Reproduce each line below precisely. Drop the pictures.

*** Study material Section Begins ***

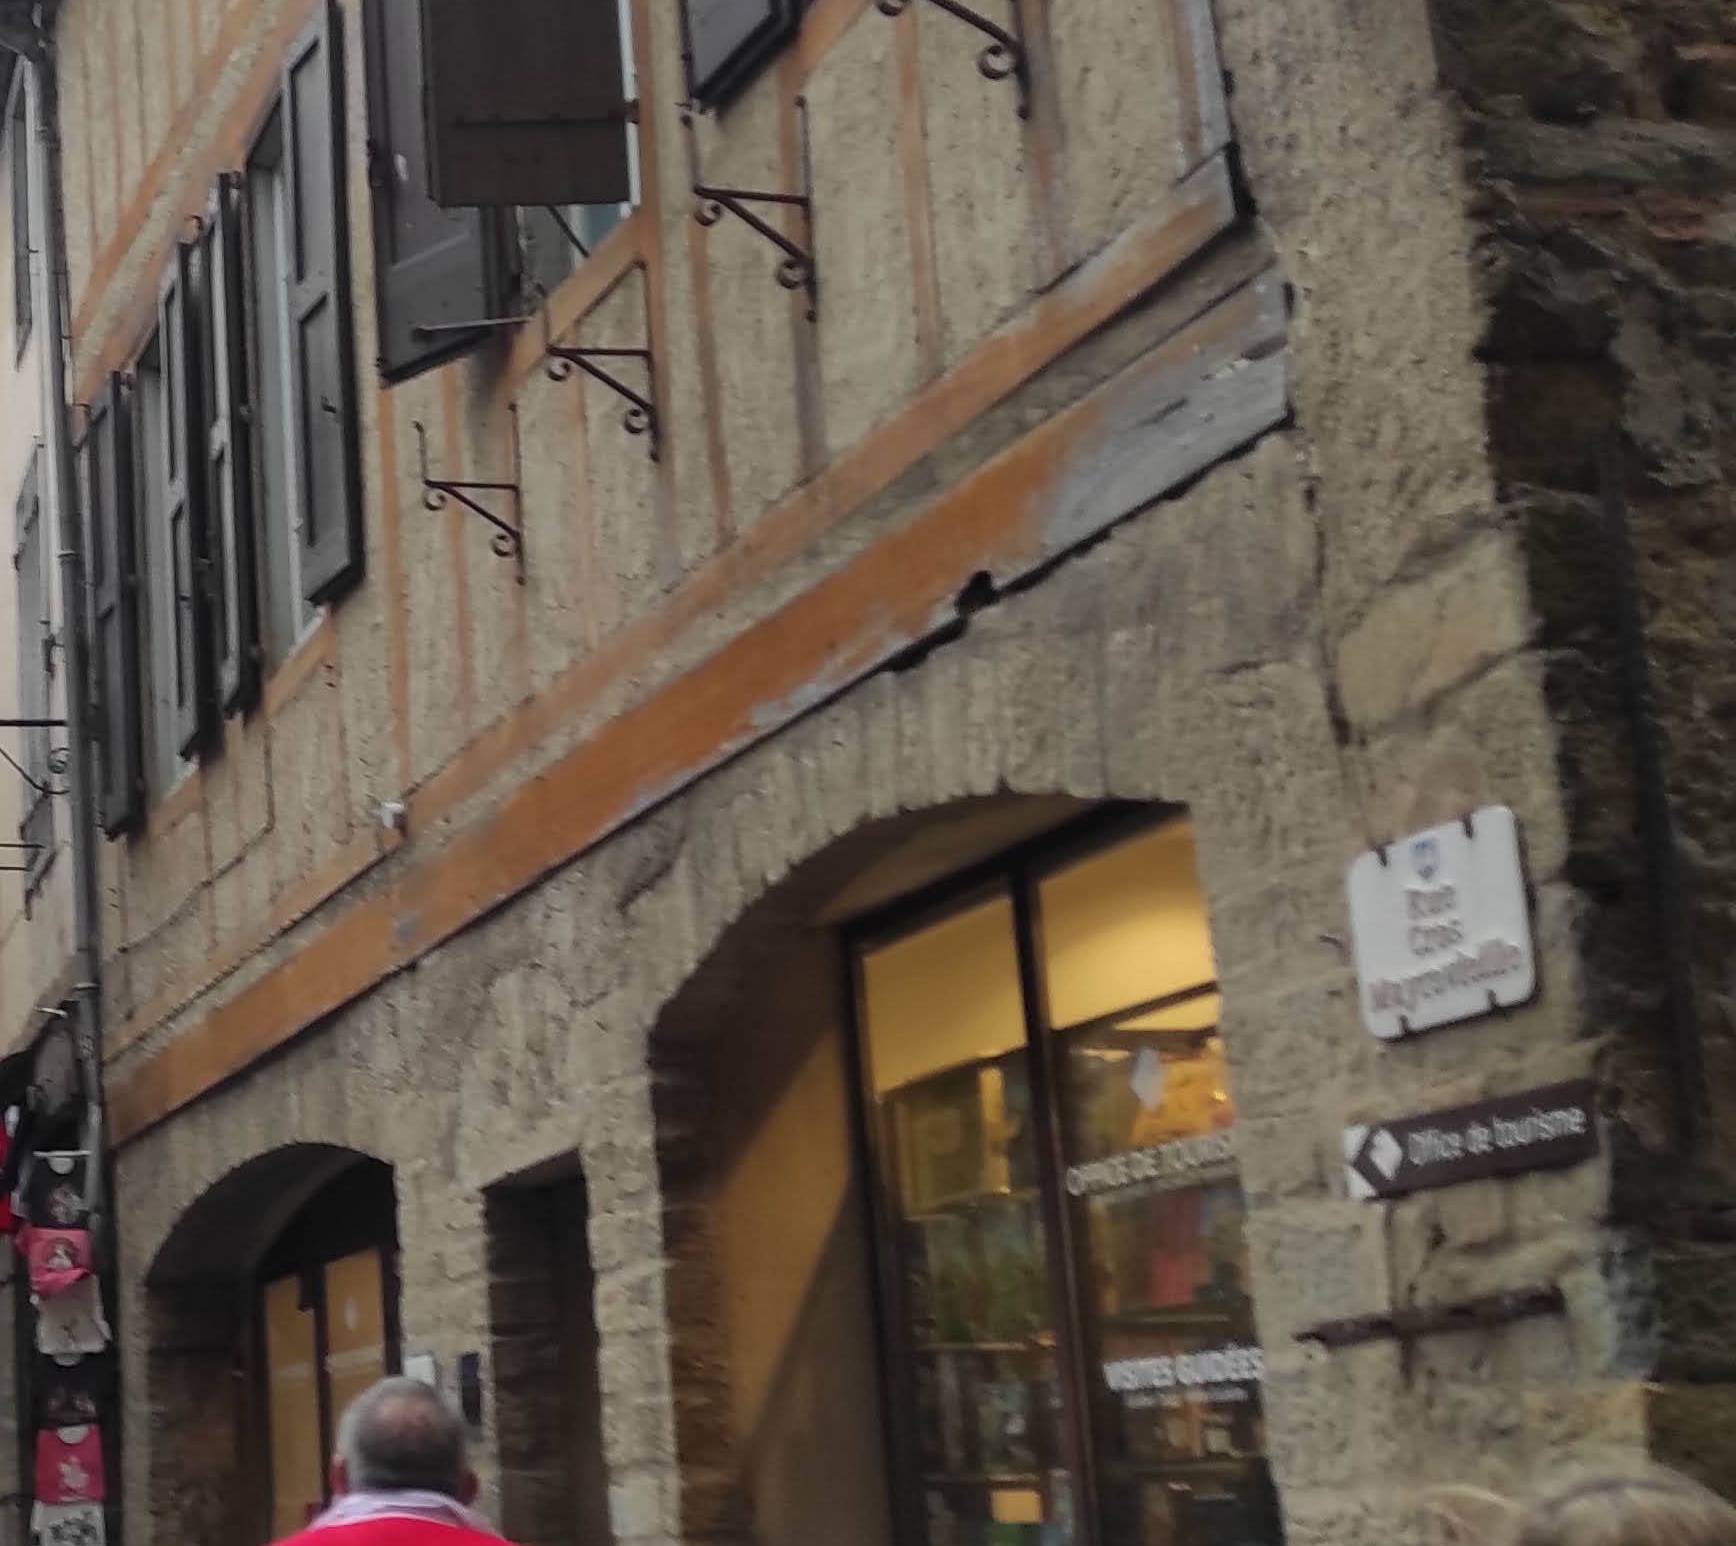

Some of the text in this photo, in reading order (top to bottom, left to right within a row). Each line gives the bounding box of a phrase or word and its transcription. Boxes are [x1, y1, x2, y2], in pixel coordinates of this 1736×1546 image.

[1408, 1107, 1586, 1165] Office de tourisme
[1103, 1355, 1175, 1390] VISITES
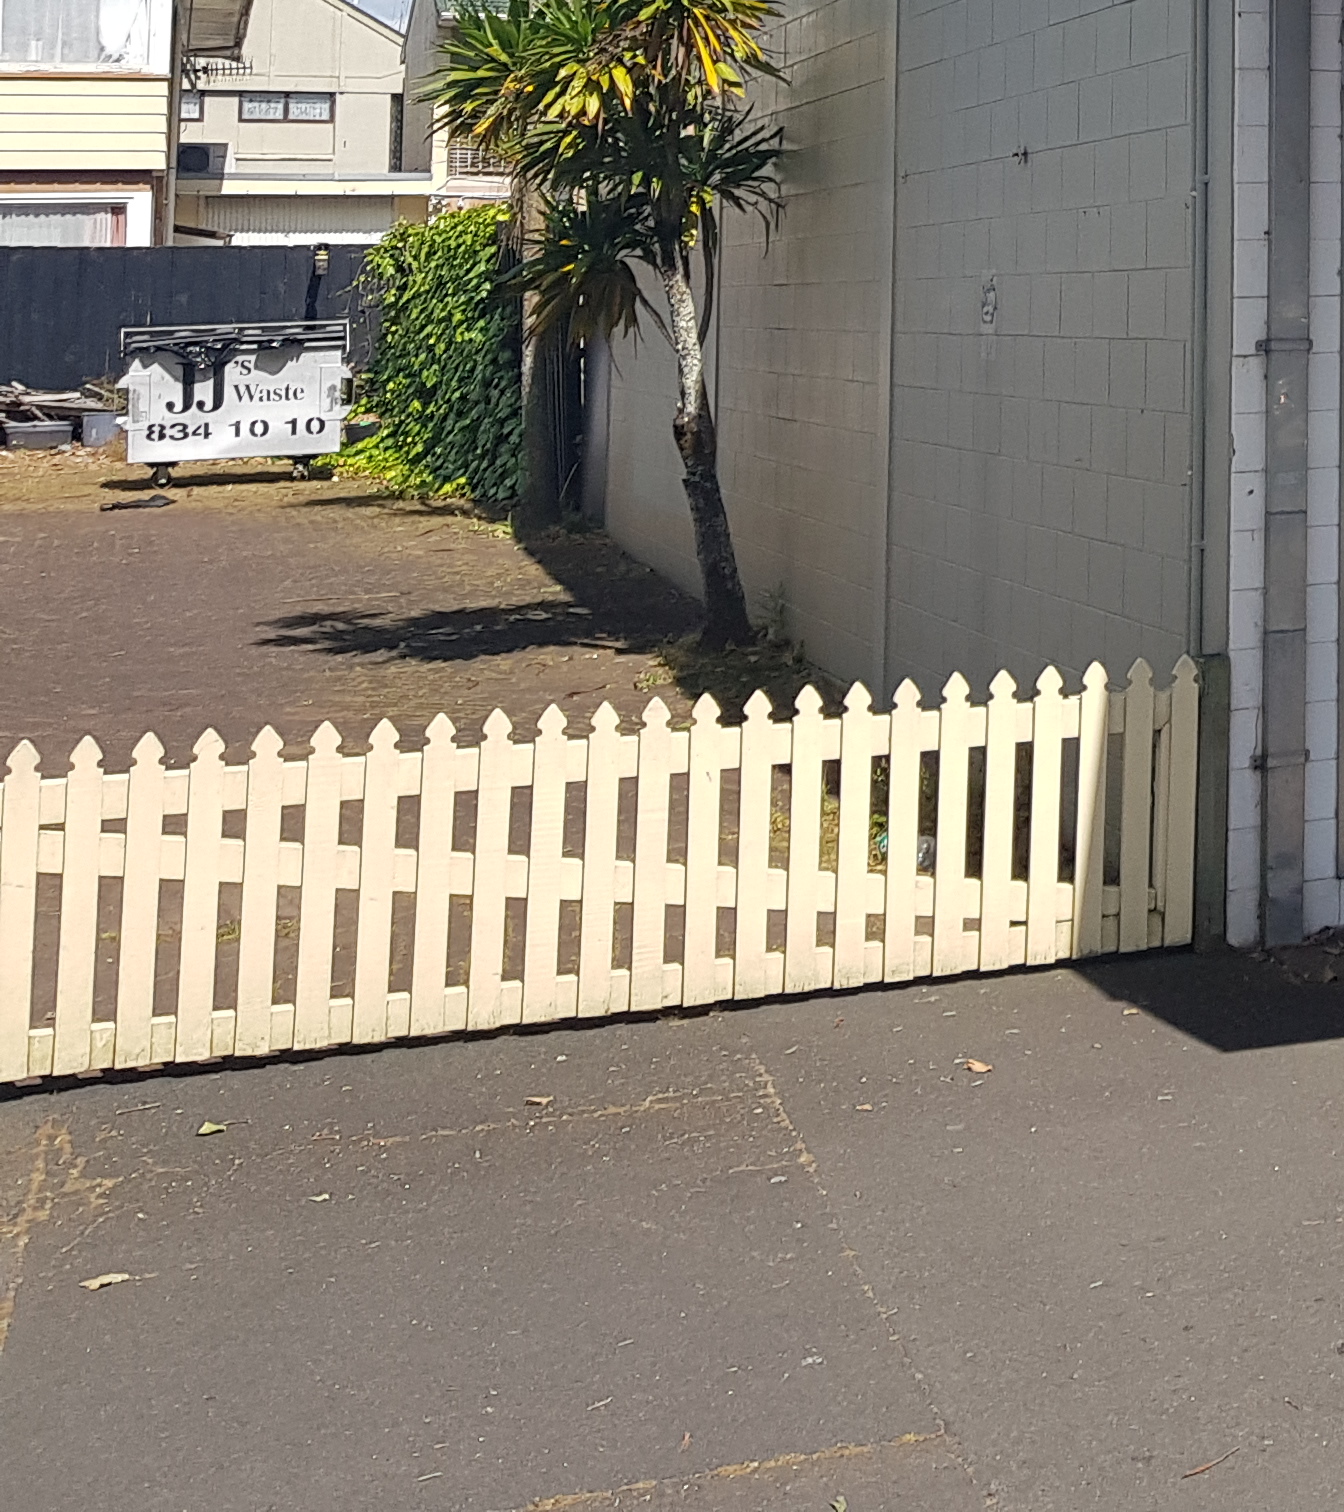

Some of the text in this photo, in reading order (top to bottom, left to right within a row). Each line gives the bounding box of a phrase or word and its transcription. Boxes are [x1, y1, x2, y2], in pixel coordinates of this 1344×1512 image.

[233, 383, 305, 402] Waste
[145, 417, 326, 442] 834 10 10
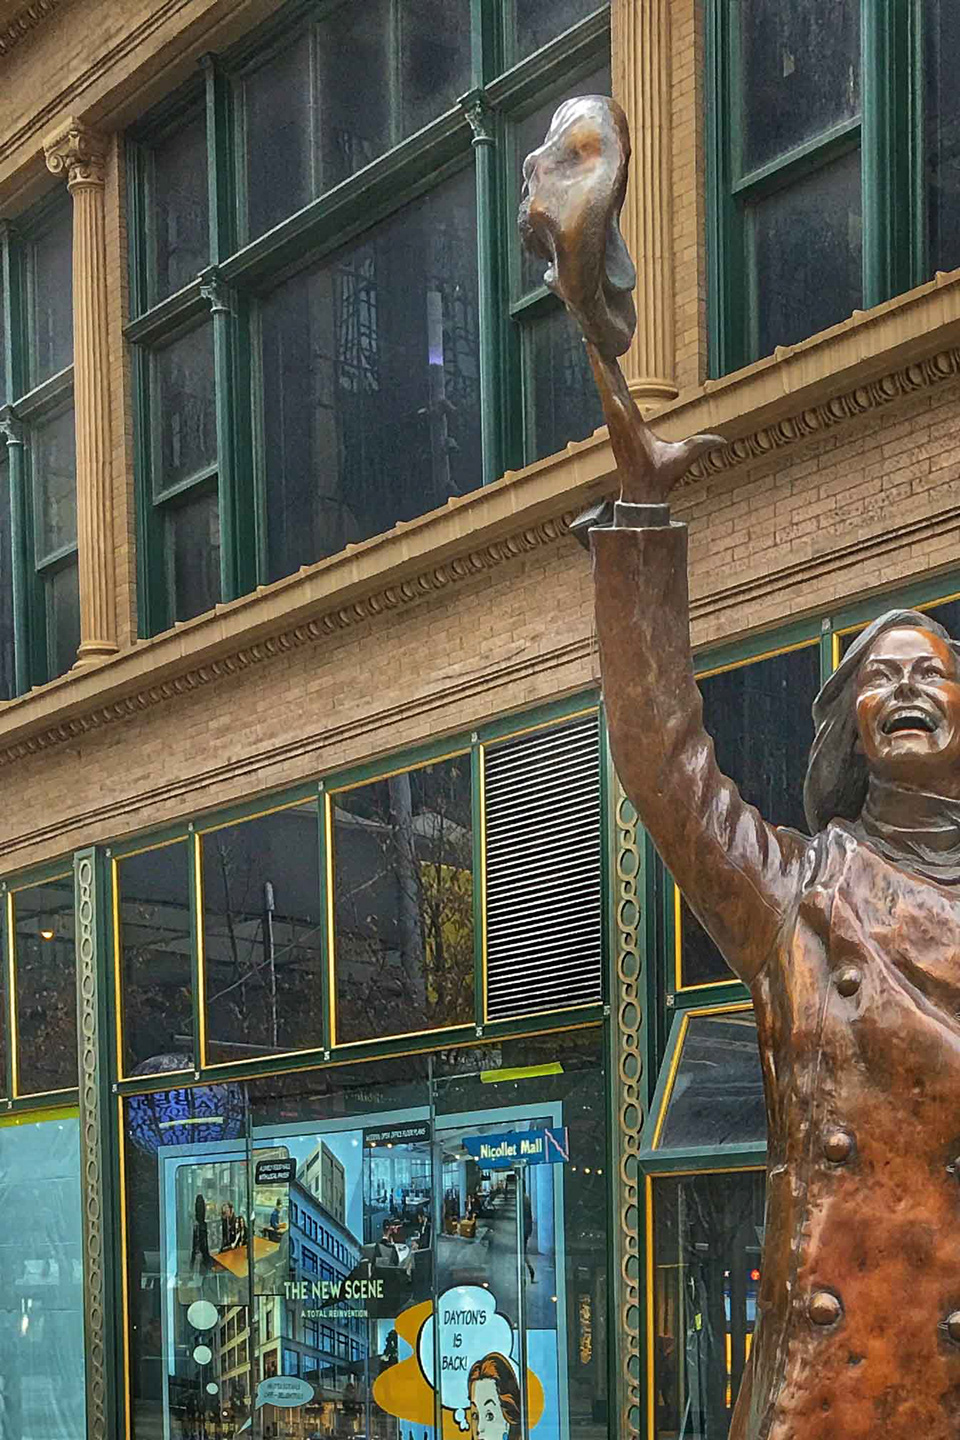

*** Study material Section Ends ***

* Response for this exercise:
Some of the text in this photo, in reading order (top to bottom, left to right within a row). Each line gives the bounding box of a phrase or word and its transcription. Boxes are [x1, y1, x2, y2], in pixel coordinates of this 1736×1546 image.

[1408, 1107, 1586, 1165] Office de tourisme
[1103, 1355, 1175, 1390] VISITES

Some of the text in this photo, in reading order (top to bottom, left to right within a row). Each line gives the bounding box of a phrase or word and its transcription. Boxes are [x1, y1, x2, y2], in pixel coordinates of this 1344×1512 image.

[233, 383, 305, 402] Waste
[145, 417, 326, 442] 834 10 10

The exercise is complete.